ACTIVITY: Everything before the line containing "this 1141×1856 image." is to be left out; repeat that line and all lines after it exactly, to the end of the data.

### RECORDS ###

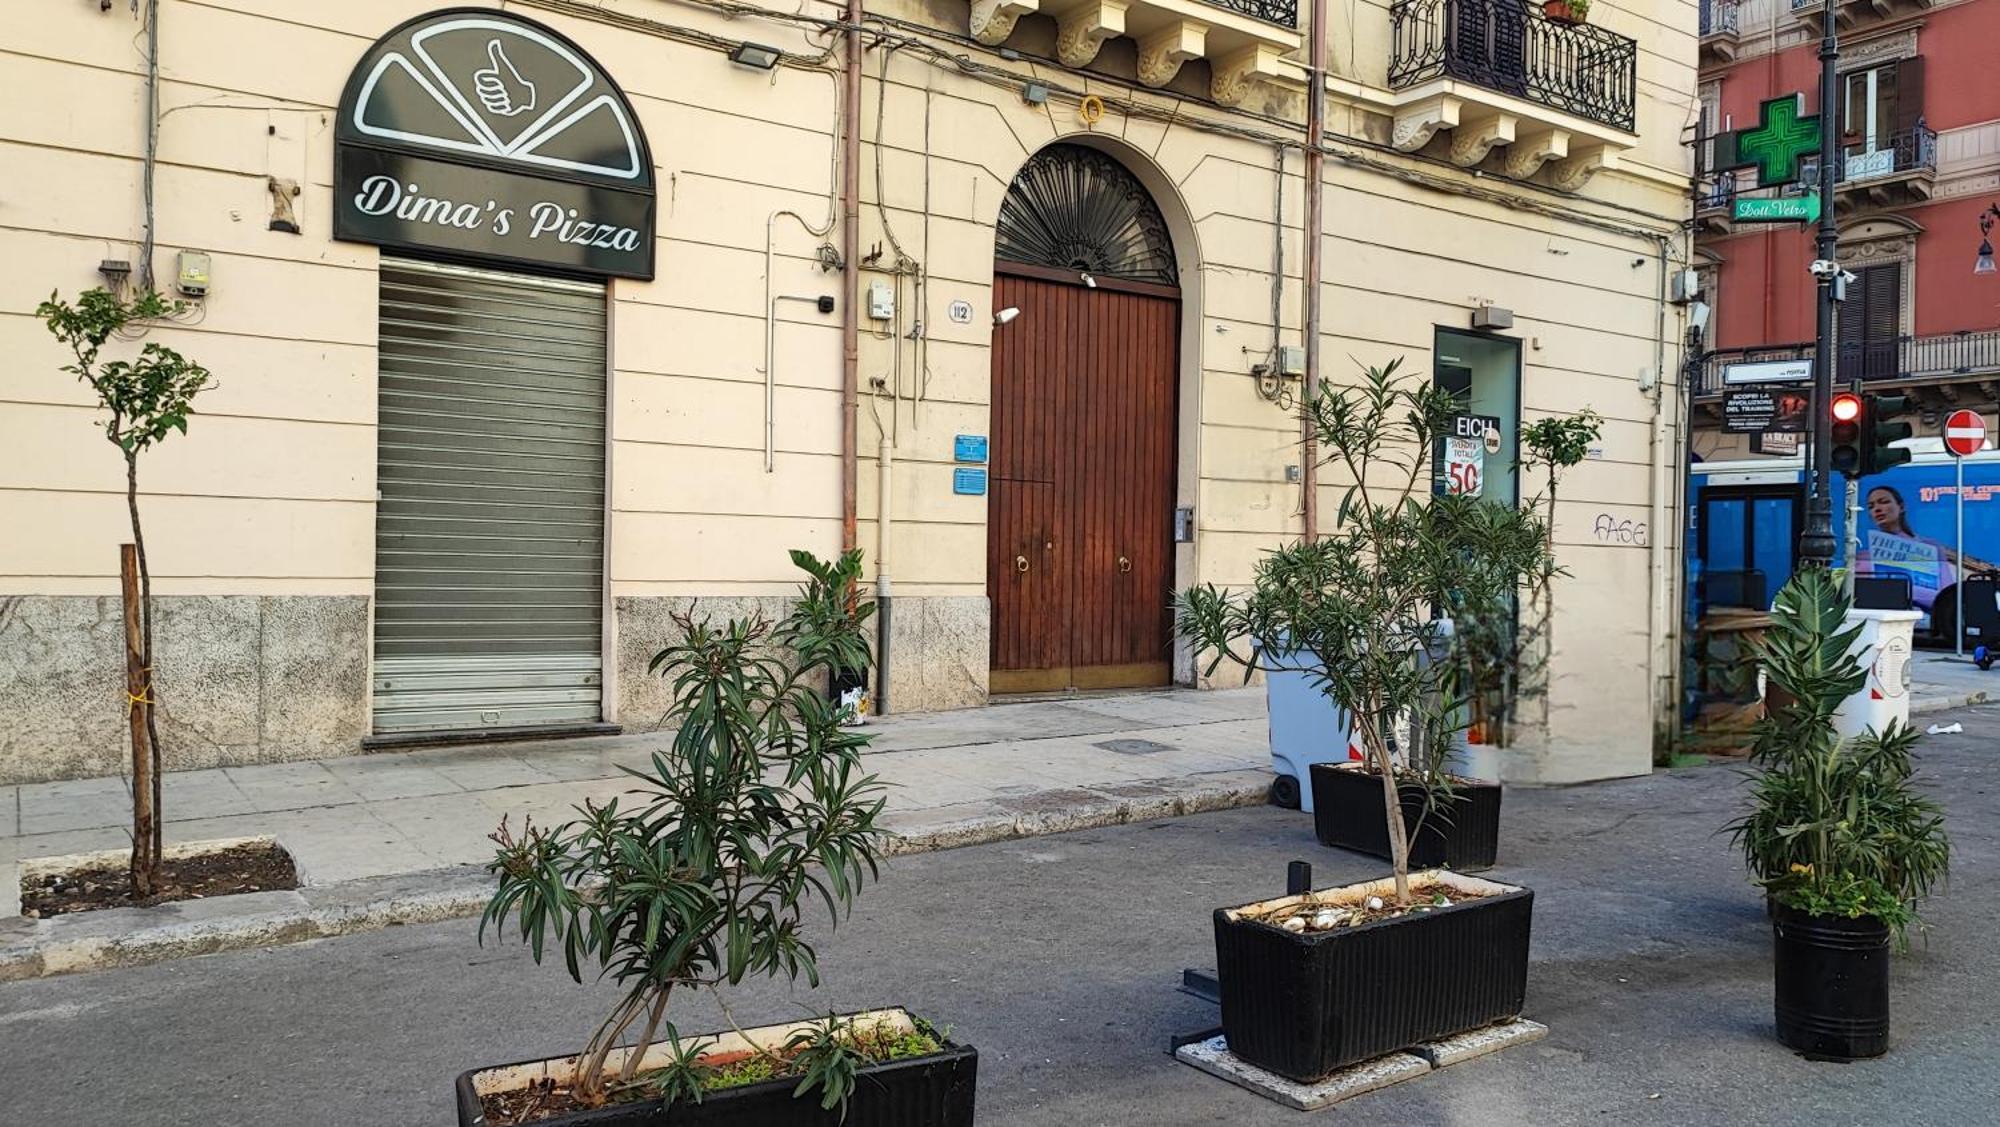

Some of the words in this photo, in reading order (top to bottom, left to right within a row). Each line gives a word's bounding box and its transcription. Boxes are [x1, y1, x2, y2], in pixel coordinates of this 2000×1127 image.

[354, 175, 515, 236] Dima's
[530, 201, 641, 252] Pizza
[953, 306, 968, 320] 112
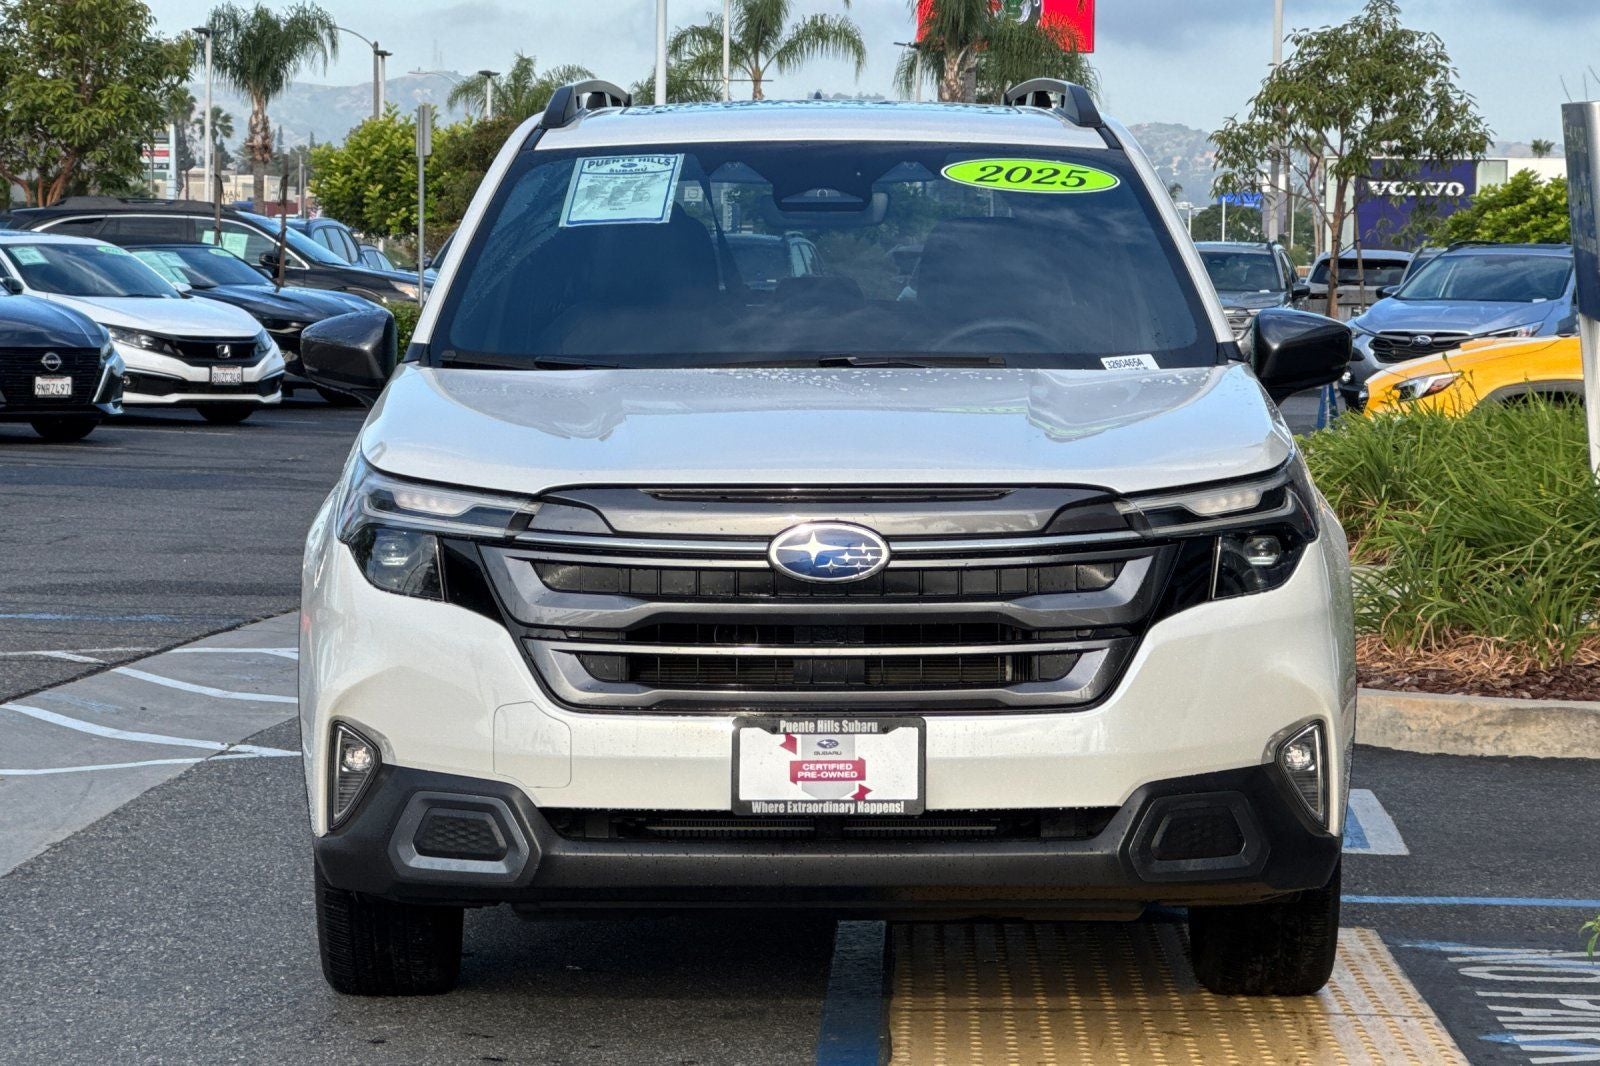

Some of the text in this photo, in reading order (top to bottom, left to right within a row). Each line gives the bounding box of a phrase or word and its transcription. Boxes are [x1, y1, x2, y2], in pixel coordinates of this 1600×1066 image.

[587, 157, 671, 168] PUENTE HILLS
[974, 165, 1090, 187] 2025
[780, 720, 878, 733] Puente Hills Subaru
[802, 763, 853, 771] CERTIFIED
[797, 771, 858, 779] PRE-OWNED
[752, 801, 905, 815] Where Extraordinary Happens!
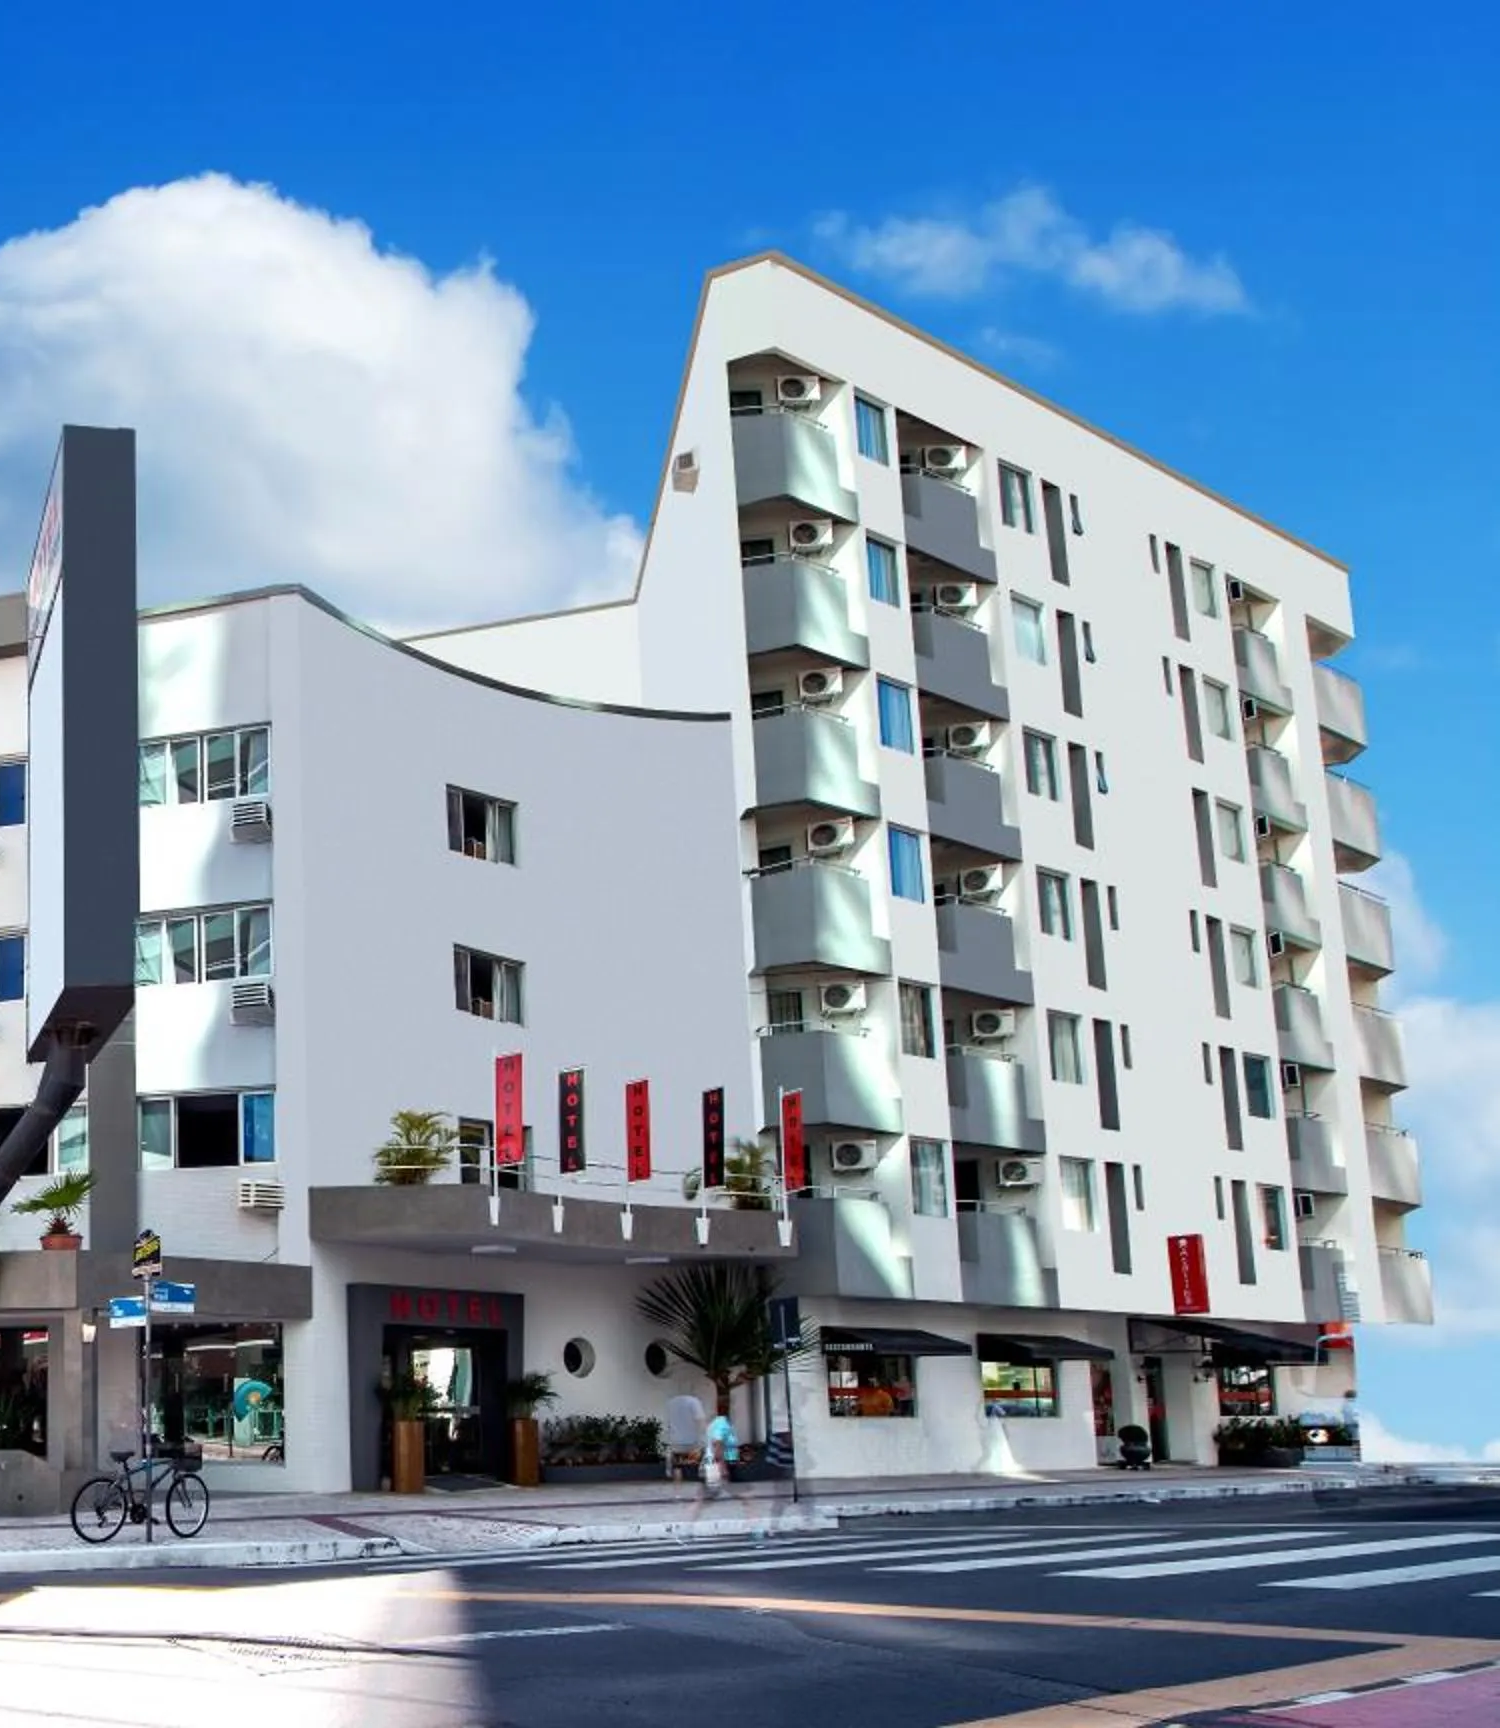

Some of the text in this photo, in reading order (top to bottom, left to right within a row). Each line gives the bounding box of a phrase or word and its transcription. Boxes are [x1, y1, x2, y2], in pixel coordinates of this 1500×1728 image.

[566, 1073, 579, 1170] HOTEL
[632, 1083, 644, 1180] HOTEL
[708, 1092, 720, 1185] HOTEL
[389, 1291, 503, 1326] HOTEL
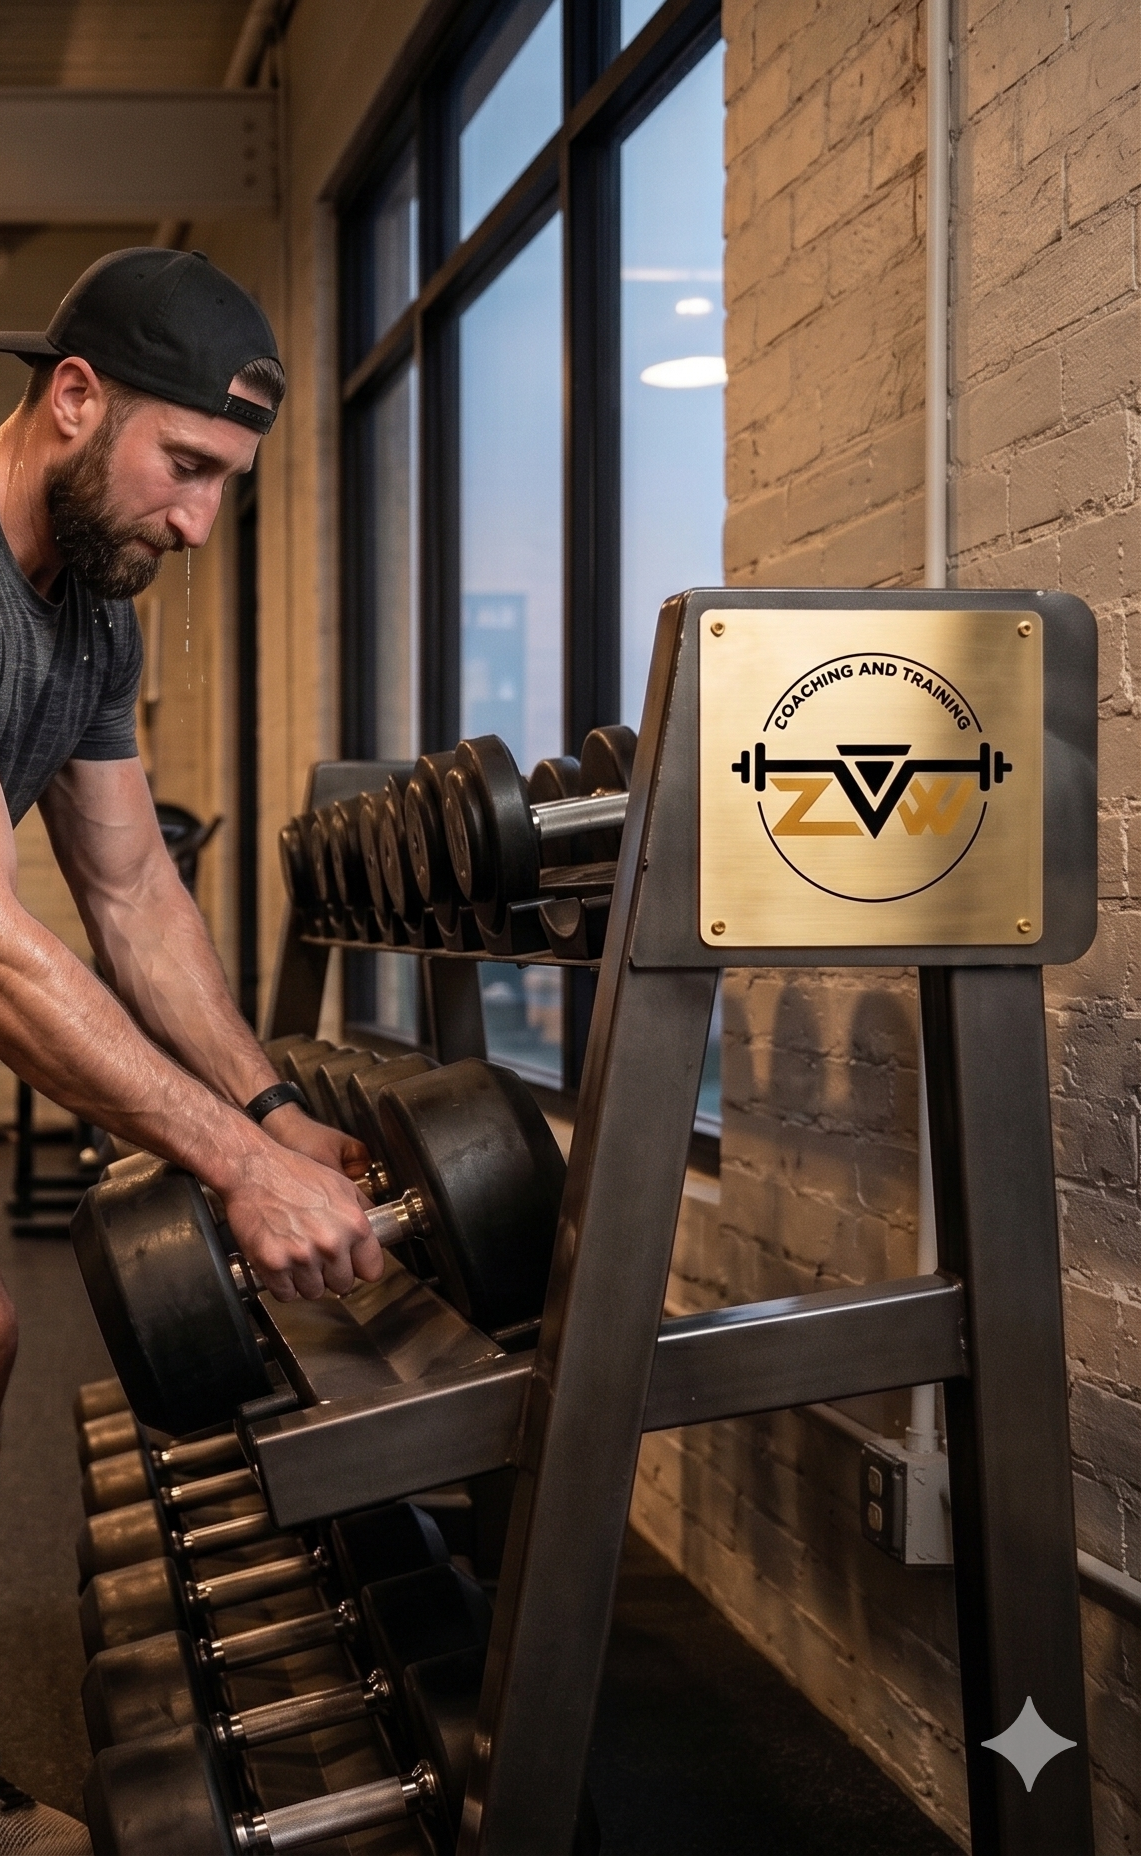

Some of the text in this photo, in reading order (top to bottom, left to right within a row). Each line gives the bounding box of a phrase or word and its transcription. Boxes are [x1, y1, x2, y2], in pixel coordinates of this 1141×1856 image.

[774, 662, 971, 730] COACHING AND TRAINING

###

YOUR SOLUTION:
Some of the text in this photo, in reading order (top to bottom, left to right within a row). Each line gives the bounding box of a phrase or word and its transcription. Boxes are [x1, y1, x2, y2], in pixel coordinates of this 1141×1856 image.

[774, 662, 971, 730] COACHING AND TRAINING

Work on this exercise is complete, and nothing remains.